I've taken a closer look at this, now 4 months after the initial filing of the bug. There are in total 4.1 million documents to be backfilled, however these documents no longer exist in the live table which has a 30 day retention policy.
Reading through the 2020-01-23 sync ping backfill, it looks there need to be a few modification for this to go through successfully.
From the sync backfill:
- Process from errors into a live table in a backfill project.
- Append live tables in the backfill project to the live tables in the shared prod project.
- Run copy_deduplicate from the live tables into the stable tables.
This assumes that the live table exists in full. Reading through copy_deduplicate, it looks like it does a
WRITE_TRUNCATE. It seems like this could lead to data loss if the live table only held documents from the backfilled errors.
I can imagine a process that appends directly the stable table with the following psuedo-SQL as the source data:
declare date DATE;
set date = "2020-08-20"
-- documents should be deduplicated in the live table too...

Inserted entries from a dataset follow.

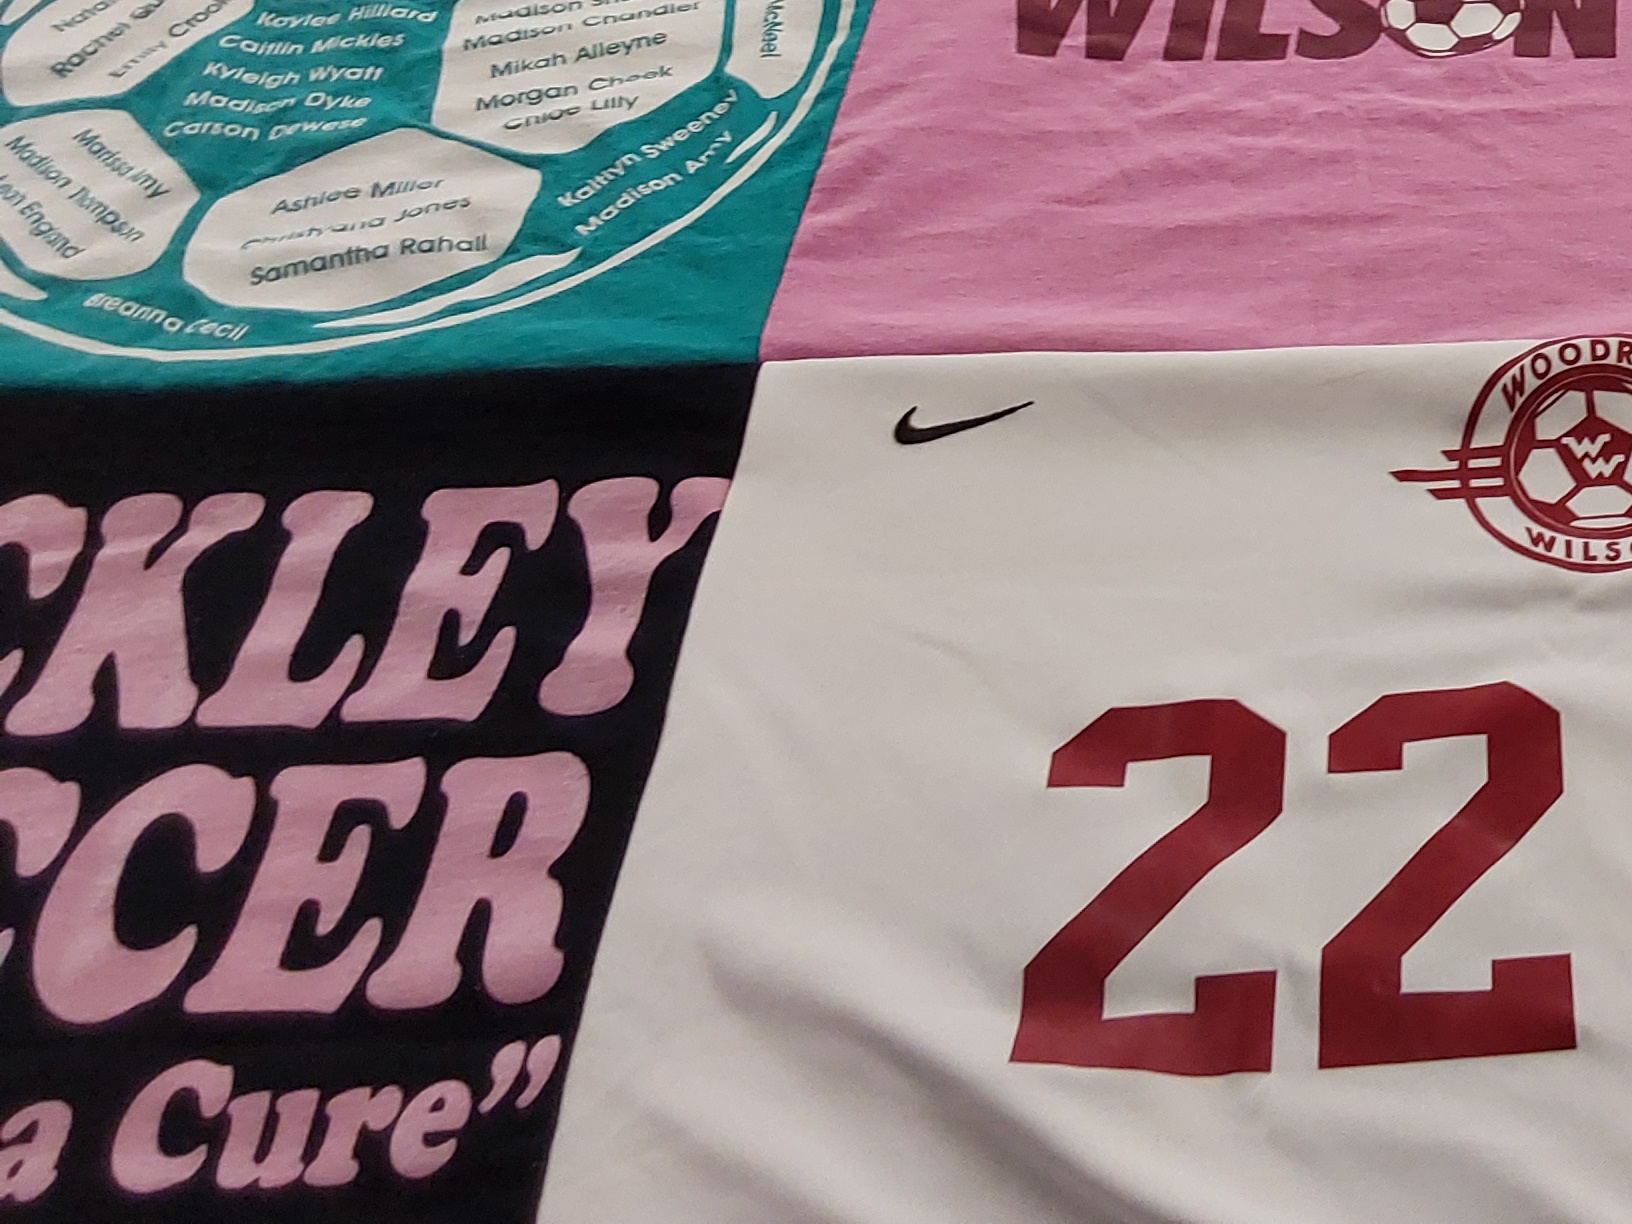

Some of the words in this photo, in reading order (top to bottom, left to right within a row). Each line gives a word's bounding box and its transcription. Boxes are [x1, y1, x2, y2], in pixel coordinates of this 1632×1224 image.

[347, 3, 440, 25] Hilliard
[47, 19, 131, 79] Rachel
[218, 32, 305, 57] Caitlin
[202, 60, 302, 89] Kyleigh
[307, 64, 386, 84] Wyatt
[489, 52, 568, 79] Mikah
[182, 90, 298, 115] Madison
[303, 90, 374, 111] Dyke
[475, 84, 579, 111] Morgan
[640, 88, 738, 160] Sweeney
[5, 134, 73, 190] Madison
[269, 186, 362, 216] Ashlee
[368, 177, 448, 199] Miller
[393, 194, 473, 223] Jones
[574, 171, 684, 236] Madison
[249, 243, 393, 287] Samantha
[399, 233, 489, 258] Rahall
[1009, 681, 1577, 1078] 22
[0, 1099, 74, 1204] a

where date(submission_timestamp) = date
and document_id not in (
select distinct document_id
where date(submission_date) = date
On note is that there may be client ids that have already gone through the shredder process that will be introduced into these tables. Presumably, these dates will be reprocessed using the entire deletion-request table such that this is not an issue.
Is the modification above of skipping the copy deduplicate stage reasonable?